Remove mercaptans from hydrocarbon condensates and NGL streams

Heath Burns, Nexo Solutions
Scott Williams, Nexo Solutions

D. ENGEL, EXION Systems, The Woodlands, Texas; and H. BURNS and
S. WILLIAMS, Nexo Solutions, The Woodlands, Texas

Here, the removal of mercaptan components from a hydrocarbon condensate stream at a Canadian gas plant, using a novel removal chemistry and separation technology, is investigated. The removal of mercaptans was required to meet pipeline specifications for total sulfur and mercaptan concentrations. The onsite work consisted of verification of the nonregenerable chemical additive for mercaptans removal in combination with a liquid treating process separation system.

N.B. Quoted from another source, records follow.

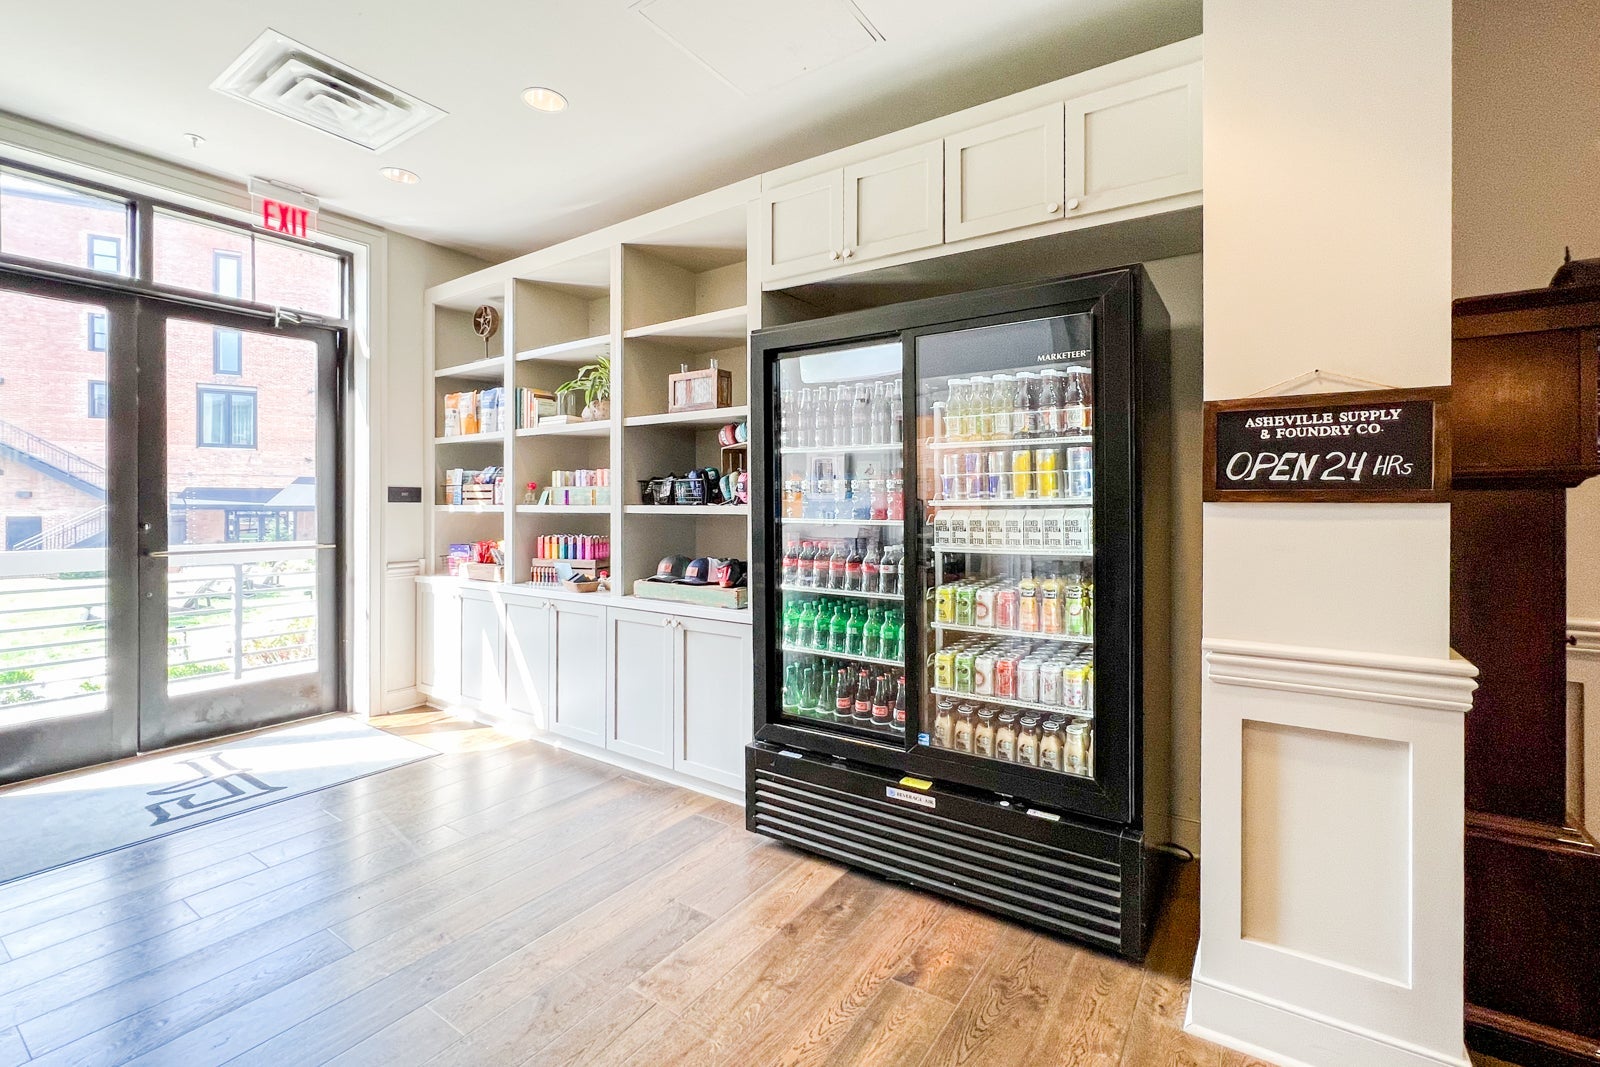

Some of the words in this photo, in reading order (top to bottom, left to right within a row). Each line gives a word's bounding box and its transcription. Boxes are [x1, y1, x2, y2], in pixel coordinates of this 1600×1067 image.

[263, 197, 309, 239] EXIT
[1037, 350, 1087, 362] MARKETEER
[1245, 412, 1333, 428] ASHEVILLE
[1339, 408, 1402, 423] SUPPLY
[1260, 429, 1270, 440] &
[1275, 424, 1353, 439] FOUNDRY
[1356, 423, 1384, 434] CO.
[1226, 451, 1320, 481] OPEN
[1320, 451, 1368, 481] 24
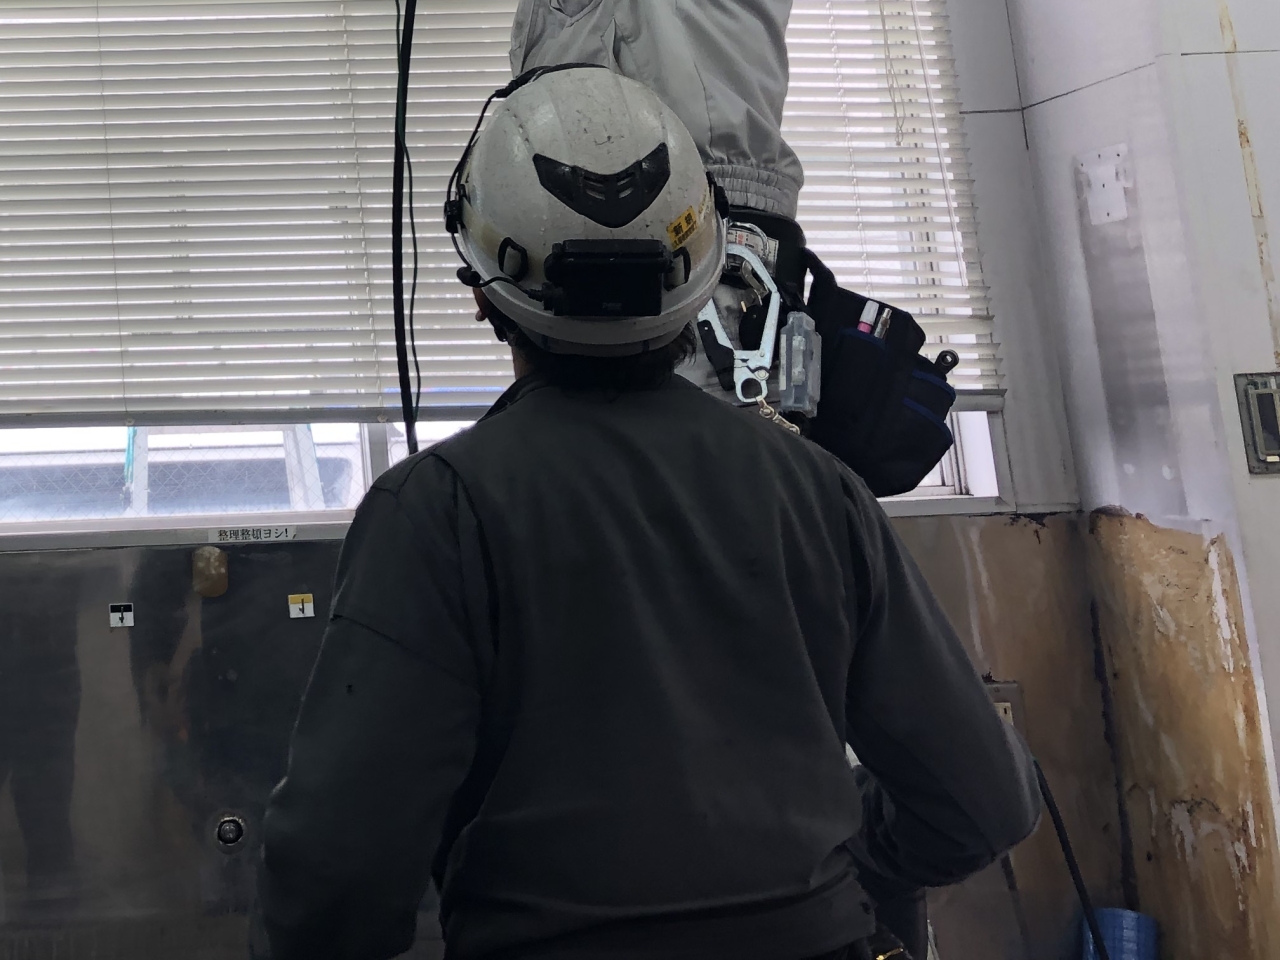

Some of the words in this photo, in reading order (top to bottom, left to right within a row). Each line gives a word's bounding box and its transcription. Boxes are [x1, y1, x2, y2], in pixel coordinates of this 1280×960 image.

[217, 528, 289, 542] 整理整頓ヨシ!
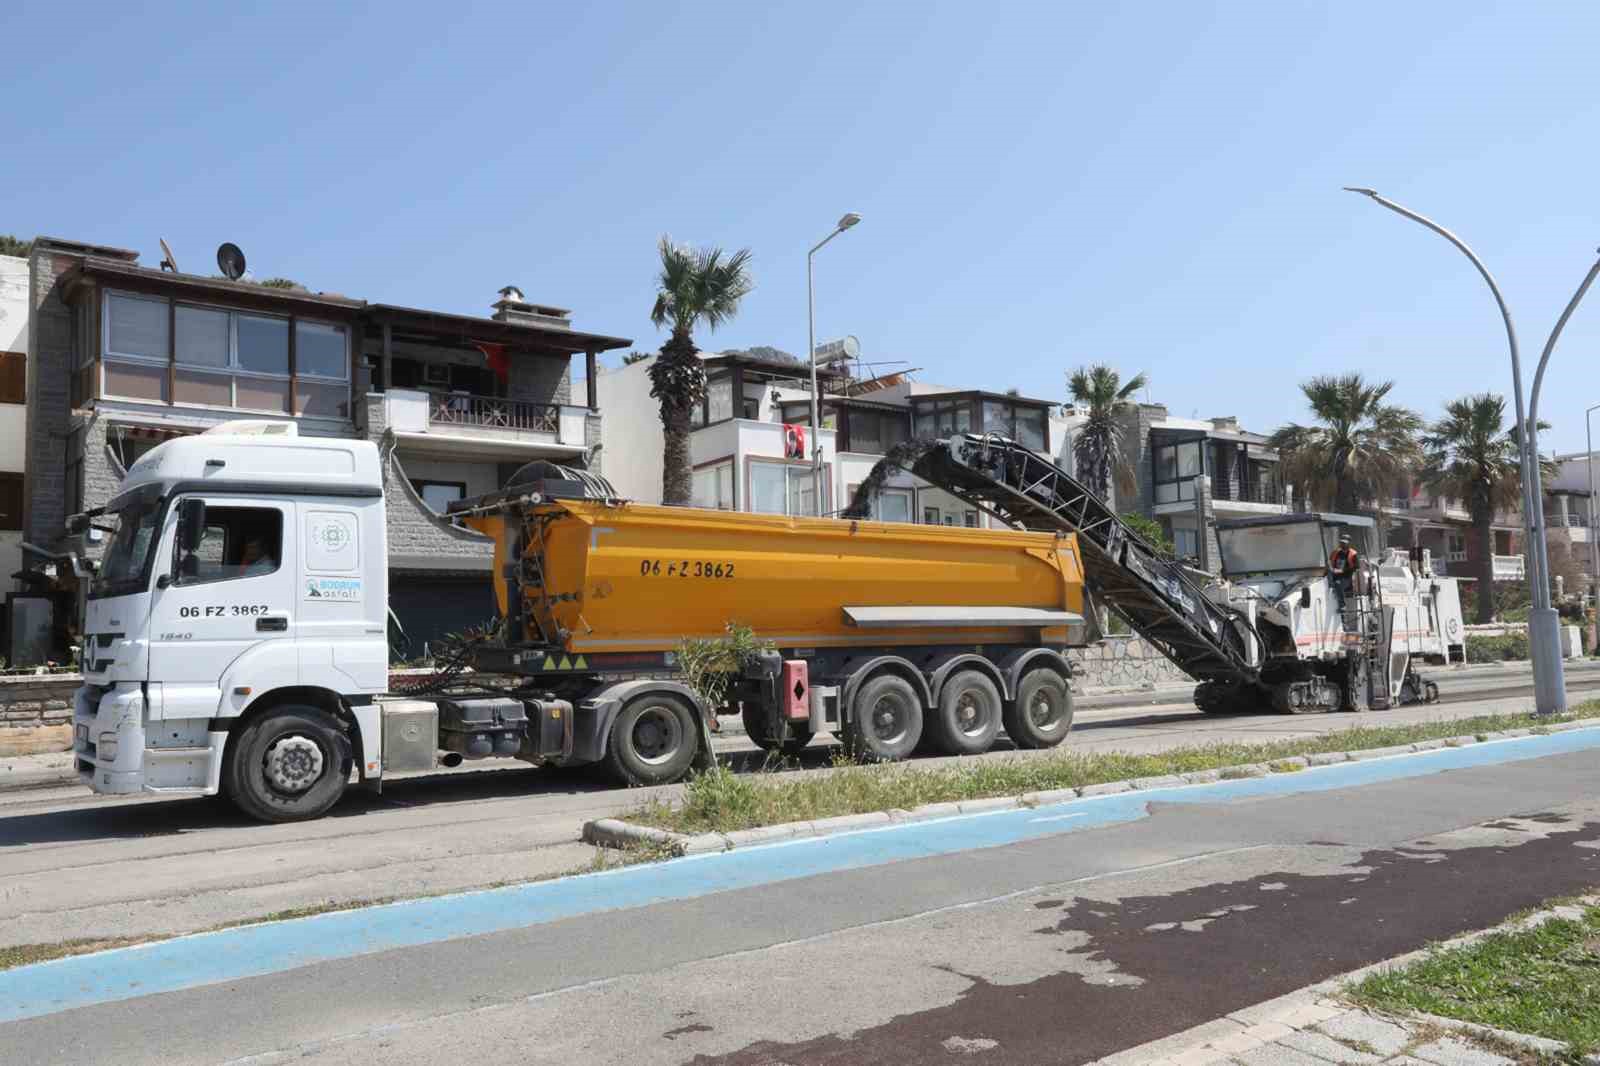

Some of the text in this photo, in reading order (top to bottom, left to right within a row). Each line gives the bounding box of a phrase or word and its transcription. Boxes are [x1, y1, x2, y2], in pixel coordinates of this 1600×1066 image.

[641, 559, 734, 578] 06 FZ 3862
[180, 605, 269, 618] 06 FZ 3862

A miniaturized version of the removal process system was assembled onsite, and a 1.65-gpm slipstream of condensate was processed through the miniaturized system. Condensate samples were captured before and after treatment, and analyzed using a gas chromatograph to quantify mercaptan removal levels.

The trial results showed that removal of mercaptans (up to 95% for C1–C3, up to 90% for C1–C4, and up to 60% for C1–C7) is achievable using the combined process systems. The removal efficiency is related to the additive concentration applied and to the water wash stage.

Trial background. Gas processing often encounters problems with feedstocks containing high levels of mercaptans, which concentrate in hydrocarbon condensates and NGL when the mercaptans are not removed by the acid gas removal unit (AGRU) or molecular sieves dehydration units.1, 2

While hydrogen sulfide (H2S) and carbon dioxide (CO2) are removed by amine treating in most gas plants, the majority of amines will remove few to no mercaptans. When condensates recovered at the gas plant contain high levels of mercaptans, process deficiencies, such as polymeric fouling or amine solvent contamination, can occur. Additionally, the condensate or its fractionated products often will not meet total sulfur specifications for sales or pipeline transmission.

A gas plant near Alberta, Canada was in need of a solution for the removal of small and volatile (C1–C3) mercaptans contamination in the hydrocarbon condensate stream. The NGL (following condensate fractionation) must meet certain specifications to be transported via pipeline, and the average level of volatile mercaptans did not meet the < 175 mg/kg requirement set by the plant.

The plant, assisted by a solutions provider, researched the best possible solutions for mercaptans removal, including chemical technologies and process systems. A proprietary technologya was determined to be a potentially effective option for mercaptans removal.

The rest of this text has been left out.